Sasol rights issue no longer on the table as interim earnings leap
(Photo: Waldo Swiegers / Bloomberg via Getty Images)

A few months ago, Sasol was on the ropes as oil prices tanked and its business model crumbled. On Monday, it unveiled a jump in interim earnings and said it no longer had to pursue a rights issue. A sea change in oil markets, cost controls and asset disposals has helped Sasol turn its fortunes around in dramatic fashion.

Petrochemicals giant Sasol said on Monday that its headline earnings for the six months to the end of December 2020 almost tripled to R15.3-billion from R4.5-billion in the same period the year before. This also comes six months after it reported a full-year loss of more than R90-billion. Talk about a roller coaster. 

A number of factors are behind this comeback. Cost containment is one. The company brought its costs down by 10% and CFO Paul Victor told Business Maverick in an interview that this was effectively 13% if inflation is included. 

Sasol has also realised $3.3-billion in asset sales – $2.5-billion for the period under review, with another $700-million in the pipeline. Such initiatives helped to offset a 23% decrease in the average rand per barrel price of Brent crude oil for the period. The earnings also got a positive lift from various “non-cash adjustments”, to use the arcane language of accountants. 

The oil price has rebounded from negative territory in 2020 to more than $60 a barrel.

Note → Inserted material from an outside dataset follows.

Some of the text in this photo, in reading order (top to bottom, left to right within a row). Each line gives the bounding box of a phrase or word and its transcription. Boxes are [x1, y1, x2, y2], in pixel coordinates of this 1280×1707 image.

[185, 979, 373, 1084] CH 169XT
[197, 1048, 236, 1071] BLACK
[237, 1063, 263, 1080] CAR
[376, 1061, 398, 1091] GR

Victor Told Business Maverick that Sasol is now positioned to make a profit at $45 a barrel. 

Among other things, this means that a mooted rights issue is now off the table. 

“A decision was made not to pursue a rights issue given the current macroeconomic outlook, and the significant progress made on our response plan initiatives,” Sasol said in a statement. 

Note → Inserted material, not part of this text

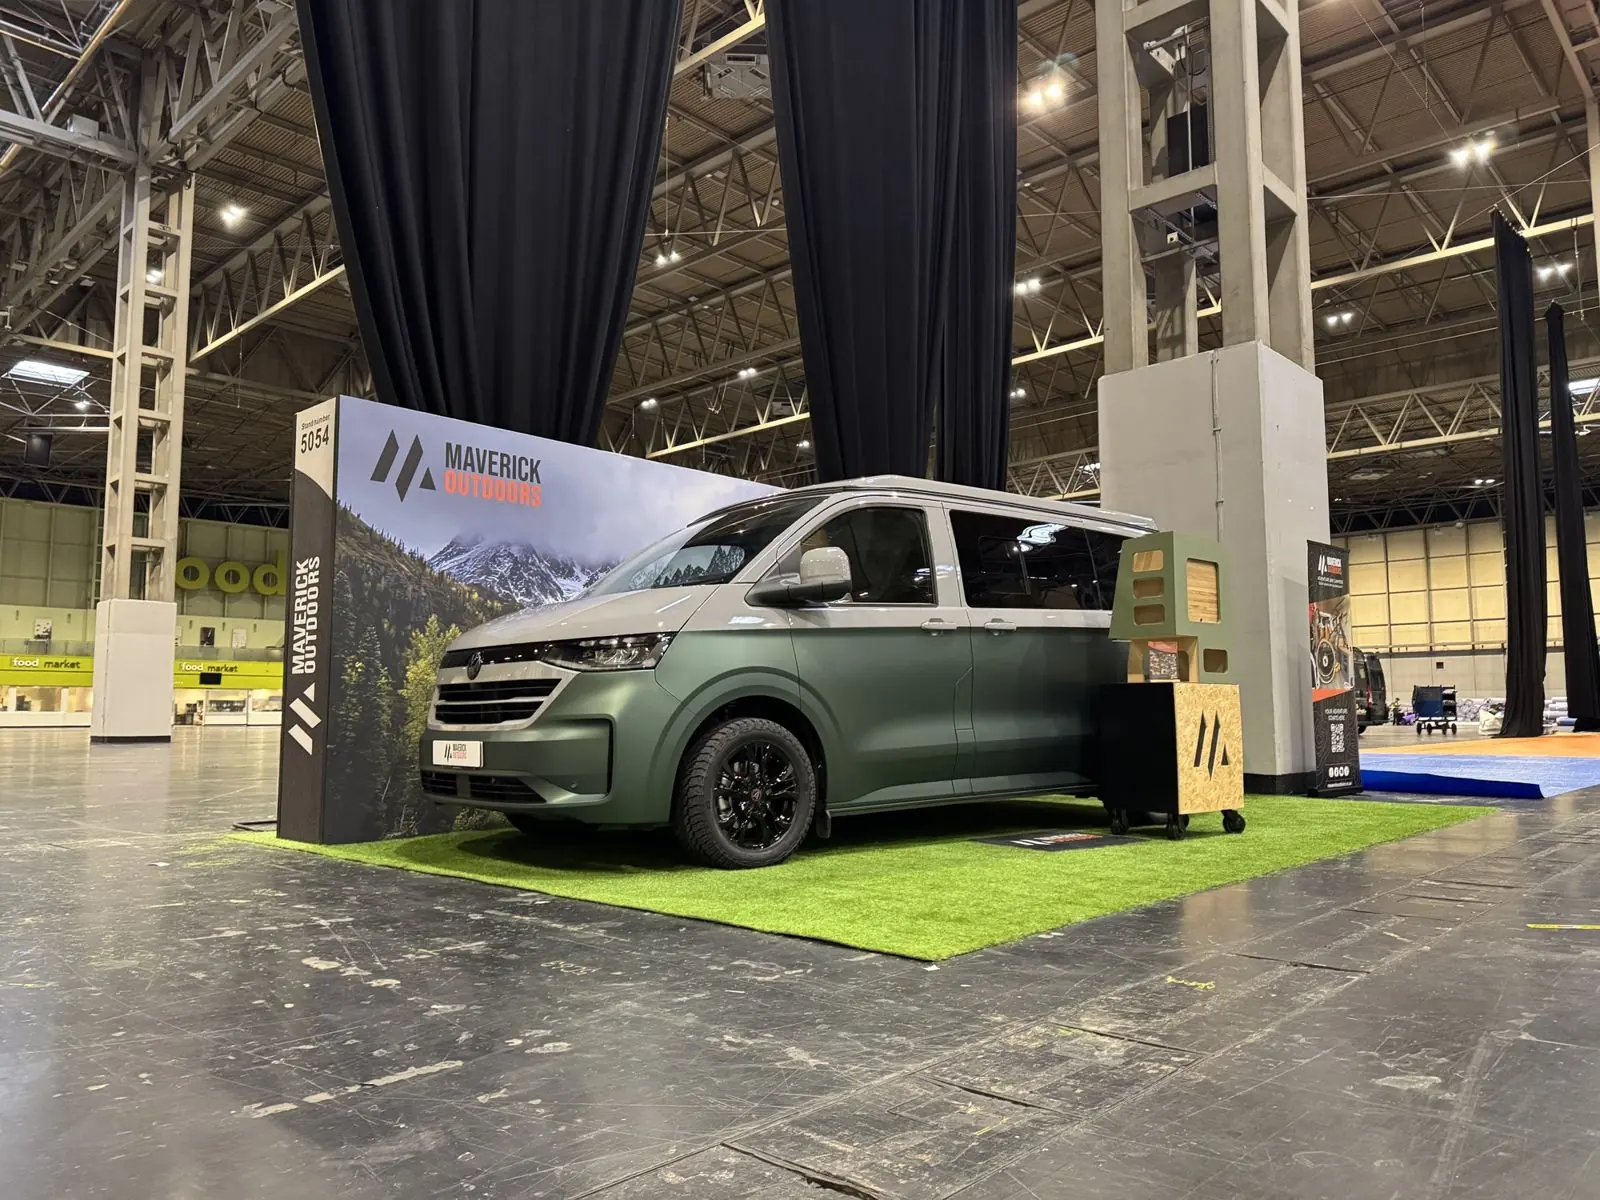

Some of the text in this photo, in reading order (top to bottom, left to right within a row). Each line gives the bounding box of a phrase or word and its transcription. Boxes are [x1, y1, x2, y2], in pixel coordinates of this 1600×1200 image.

The prospect of a rights issue in 2020 as the economy and oil markets were in full meltdown set nerves jangling at Sasol’s head office. 

“It’s such a weight off our shoulders… as a shareholder myself, you don’t want to do a rights issue if you don’t have to,” Victor told Business Maverick.

The company is making progress on debt reduction, with its total debt at the end of December amounting to R126.3-billion compared with R189.7-billion as at 30 June 2020. Sasol’s board also approved the final investment decision (FID) on a $760-million gas project in Mozambique. A pivot to gas is part of Sasol’s strategy to green its asset base.  

The year ahead looks brighter than it did a few months ago, but it is early days yet and it remains to be seen if the rally in oil prices will be sustained. 

Sasol is also continuing its probe into an apparent sulphur stench that shrouded parts of Gauteng and Mozambique last week.

Where there’s sulphur, there’s fire: What was behind the big stench over Gauteng and Mpumalanga?

Sasol has not found any evidence that its Secunda plant, where coal is processed into synthetic fuel and chemicals, was the source, which the department of environment is also probing. 

As South Africa’s second-biggest emitter after Eskom of the greenhouse gases linked to climate change, Sasol’s record on this front will be under intense scrutiny as it strives to reduce its carbon footprint. 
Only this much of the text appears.